Expanding into Vietnam has become a practical move for many Chinese investors. With its strategic location, competitive costs, and improving investment policies, the country continues to attract businesses looking to enter Southeast Asia.
At the same time, the registration process can feel unclear at the beginning. Much of the information available online is either too general or too technical, making it difficult to understand what actually matters in practice.
This guide focuses on the essentials: what you need to prepare, how the process works, how long it takes, and where most delays happen.
Why Vietnam Remains a Strong Choice in 2026
Vietnam continues to stand out as an accessible entry point into the region.

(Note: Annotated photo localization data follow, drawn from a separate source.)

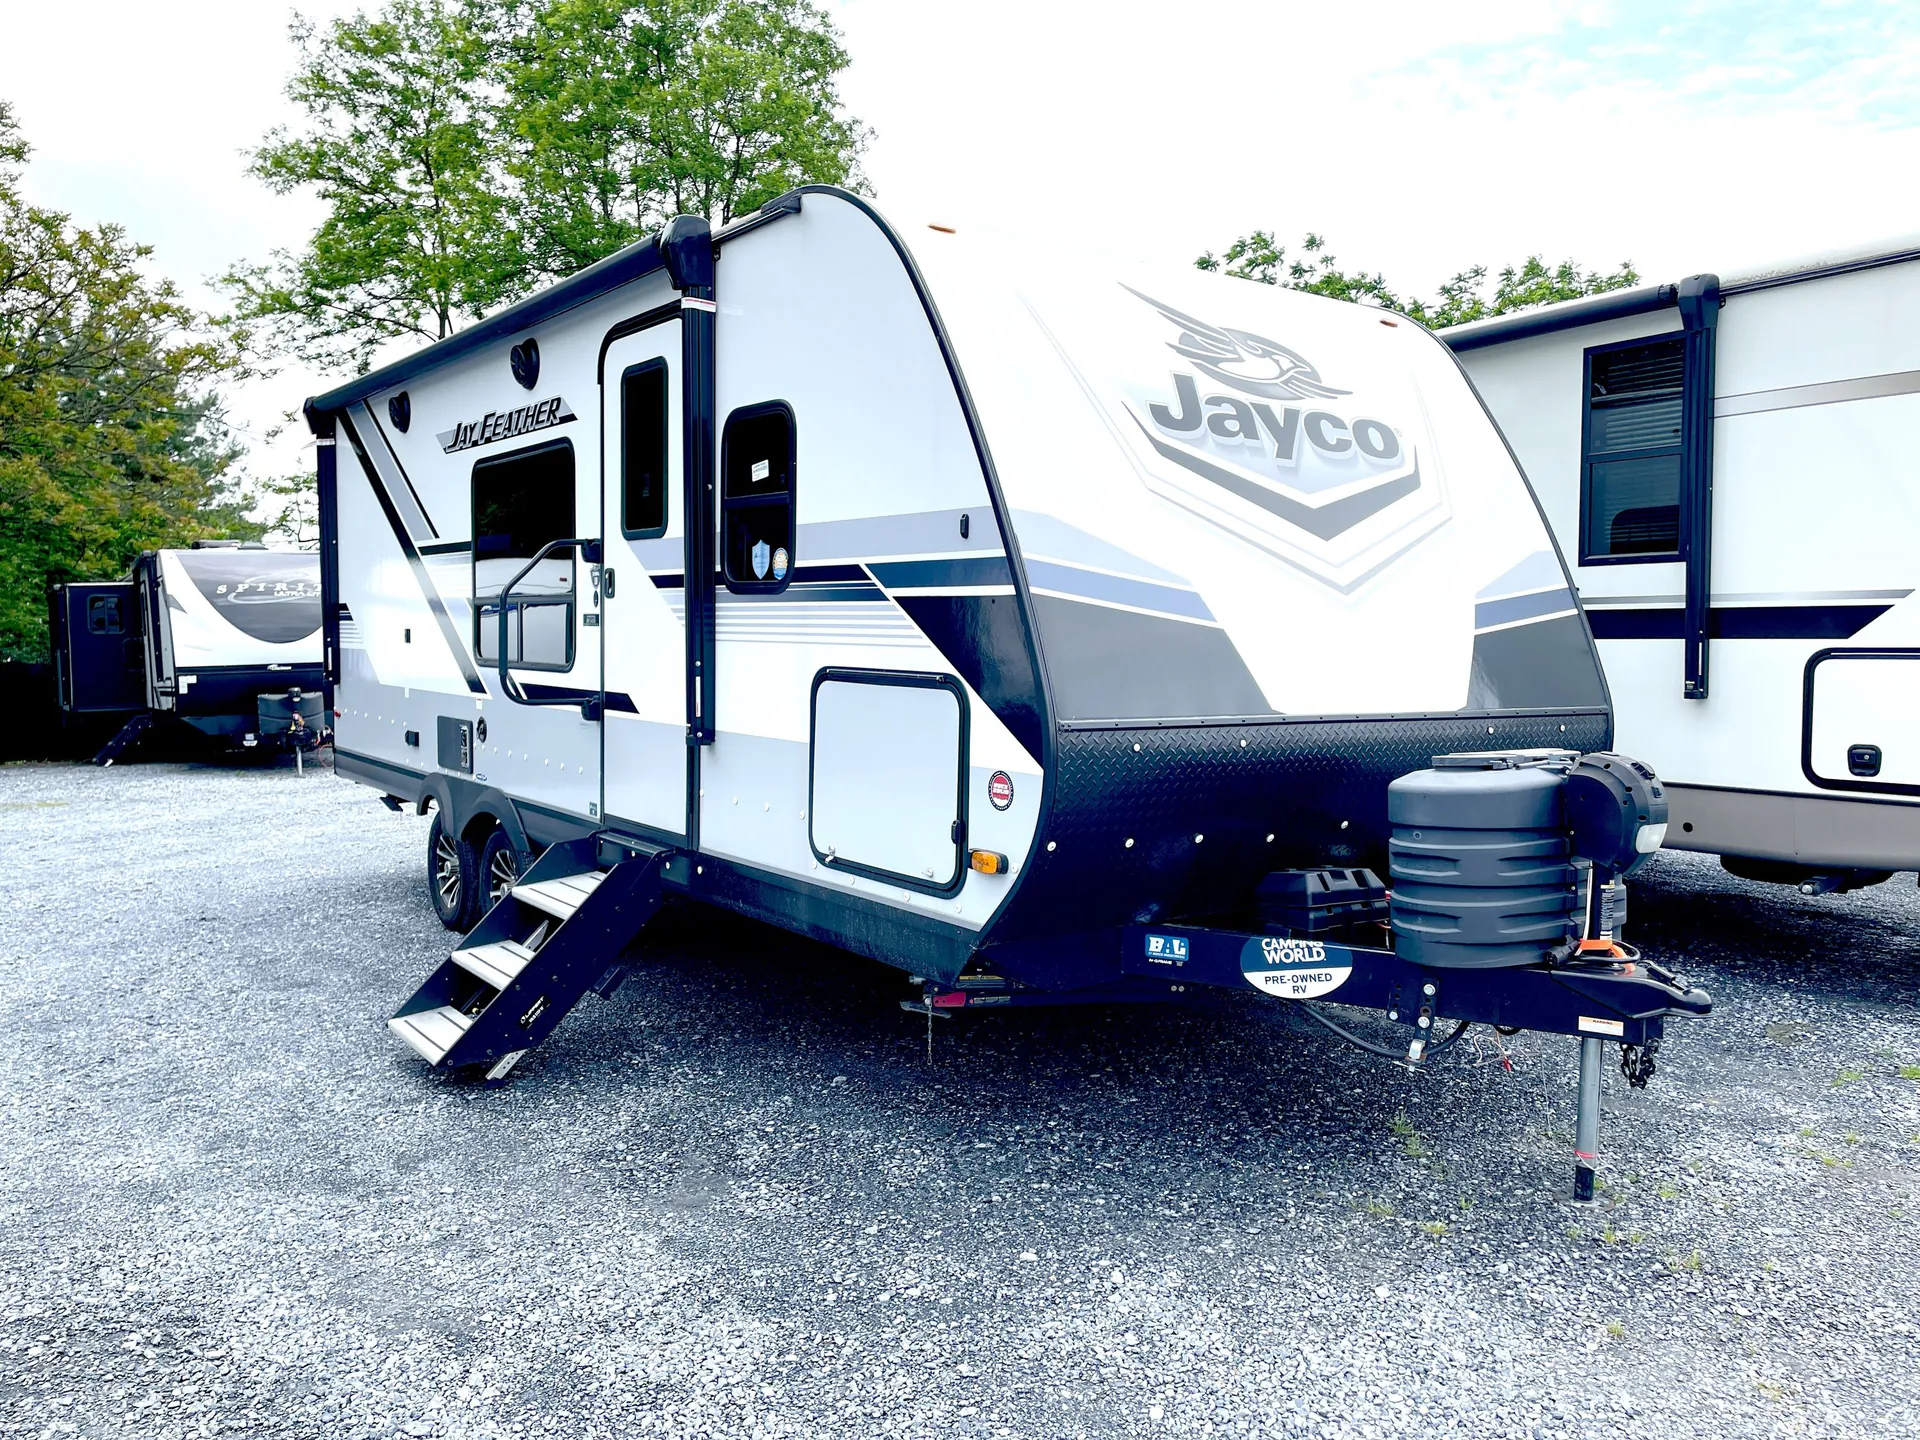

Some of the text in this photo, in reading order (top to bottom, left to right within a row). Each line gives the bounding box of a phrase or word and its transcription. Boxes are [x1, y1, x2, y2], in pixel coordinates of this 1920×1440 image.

[446, 396, 562, 451] JAY FEATHER
[1147, 372, 1401, 462] Jayco
[216, 582, 321, 594] SPIRIT
[1149, 936, 1186, 955] BAL
[1264, 973, 1332, 984] PRE-OWNED
[1292, 985, 1307, 994] RV

- Strategic location within key supply chains
- Competitive labor costs
- Trade advantages under RCEP
- More streamlined foreign investment procedures
What makes a difference today is not just cost, but how quickly businesses can move from setup to operation.

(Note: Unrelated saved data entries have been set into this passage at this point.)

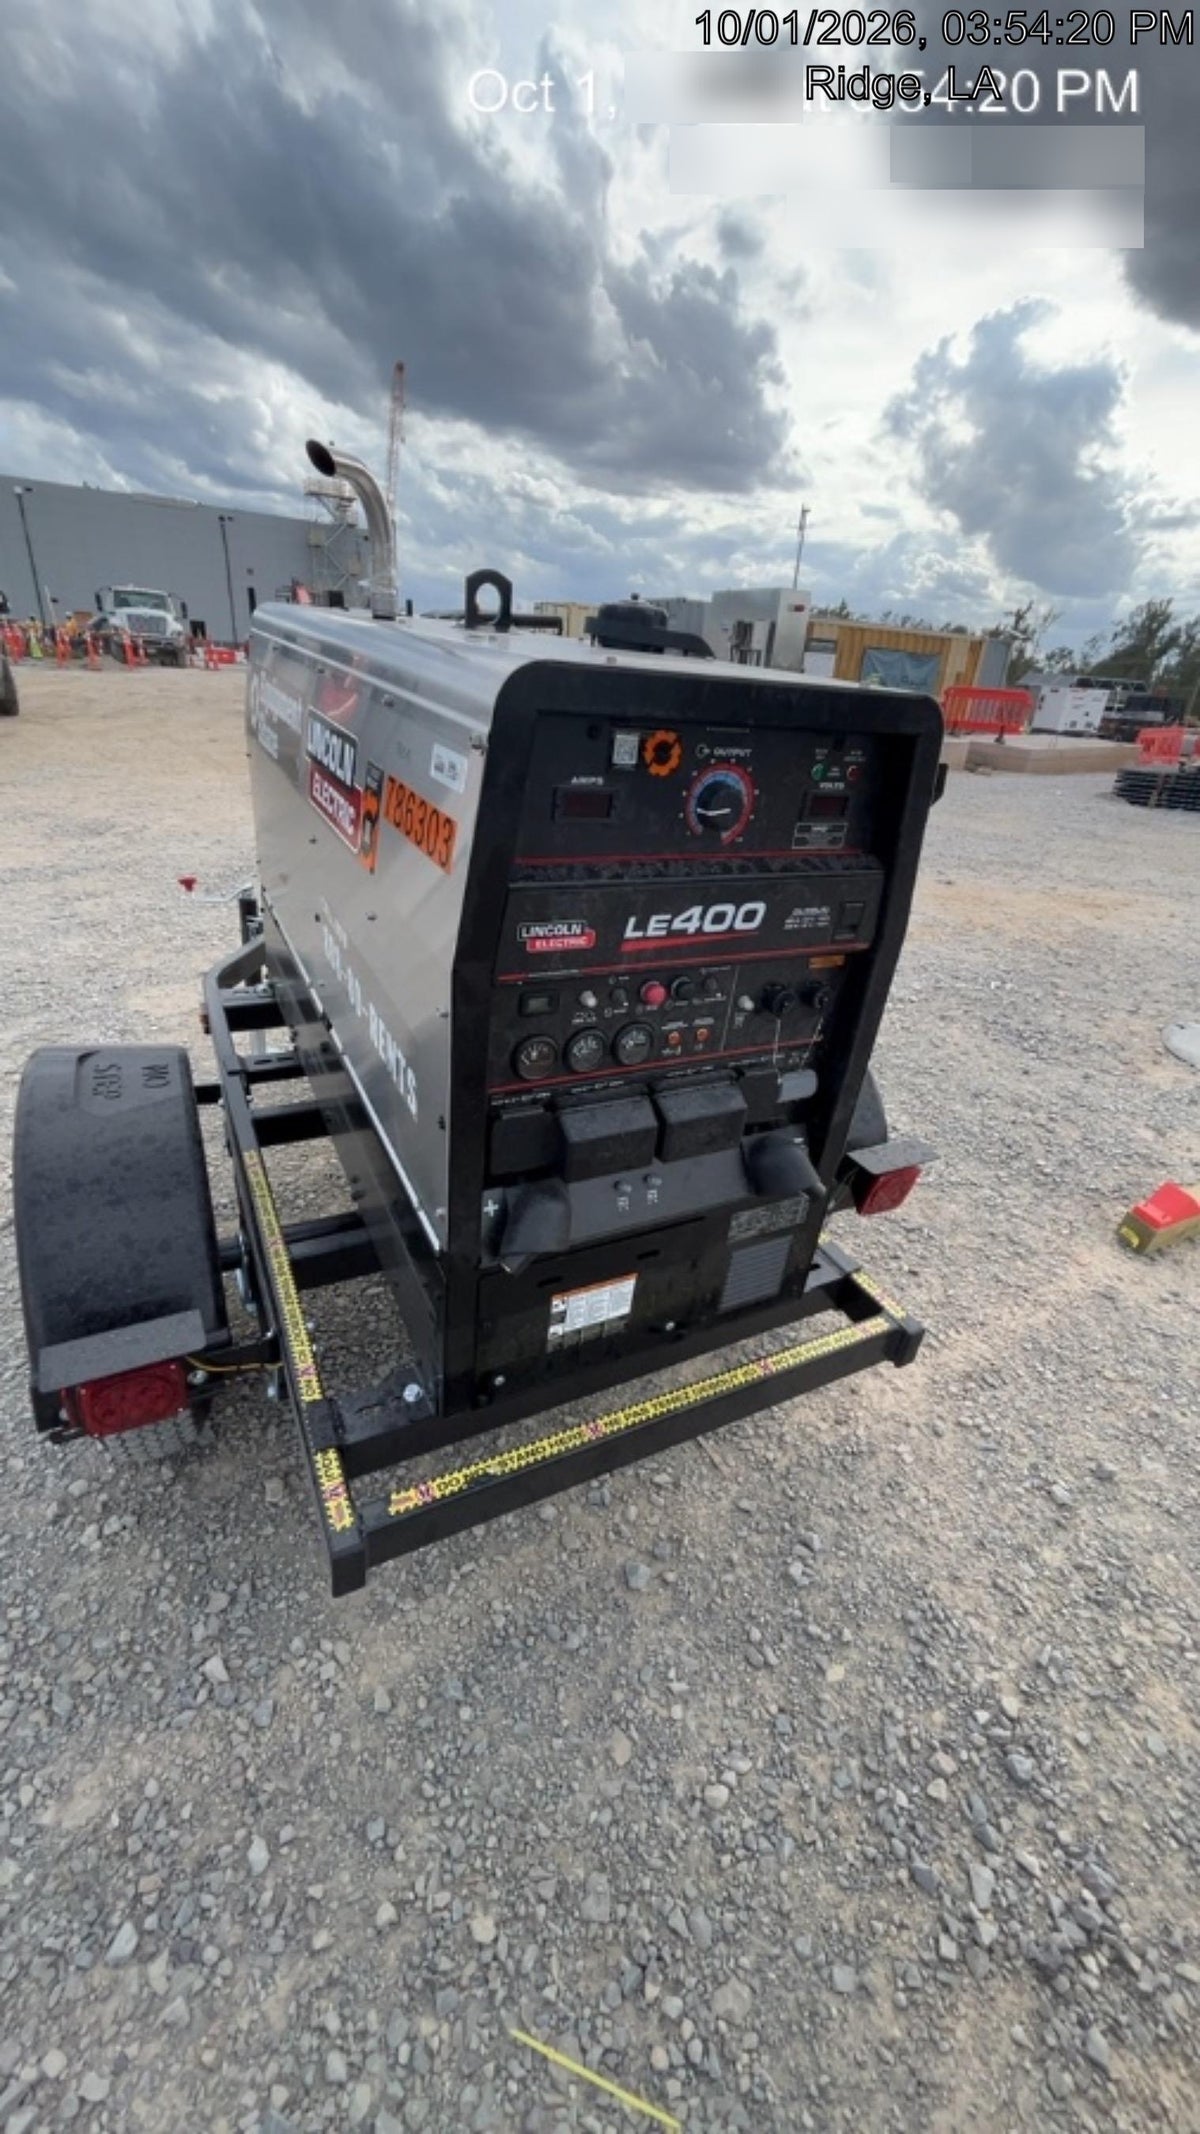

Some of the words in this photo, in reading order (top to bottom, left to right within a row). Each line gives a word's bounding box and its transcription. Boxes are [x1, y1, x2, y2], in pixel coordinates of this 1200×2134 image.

[308, 716, 355, 788] LINCOLN
[570, 776, 604, 786] AMPS
[312, 771, 355, 837] ELECTRIC
[384, 775, 452, 869] 786303
[521, 923, 583, 939] LINCOLN
[623, 901, 767, 940] LE400
[535, 935, 588, 949] ELECTRIC
[437, 1476, 462, 1492] DO

Is the Registration Process Complicated?
The process itself is relatively straightforward for most industries. What often creates difficulty is not regulation, but preparation.
Common challenges include:
- Incomplete or inconsistent documentation
- Delays in notarization and legalization
- Misunderstanding local compliance requirements
With proper planning, these issues can be avoided and the process becomes much more predictable.
Key Requirements for Chinese Investors
Investor Eligibility
Both individuals and companies can establish a business in Vietnam.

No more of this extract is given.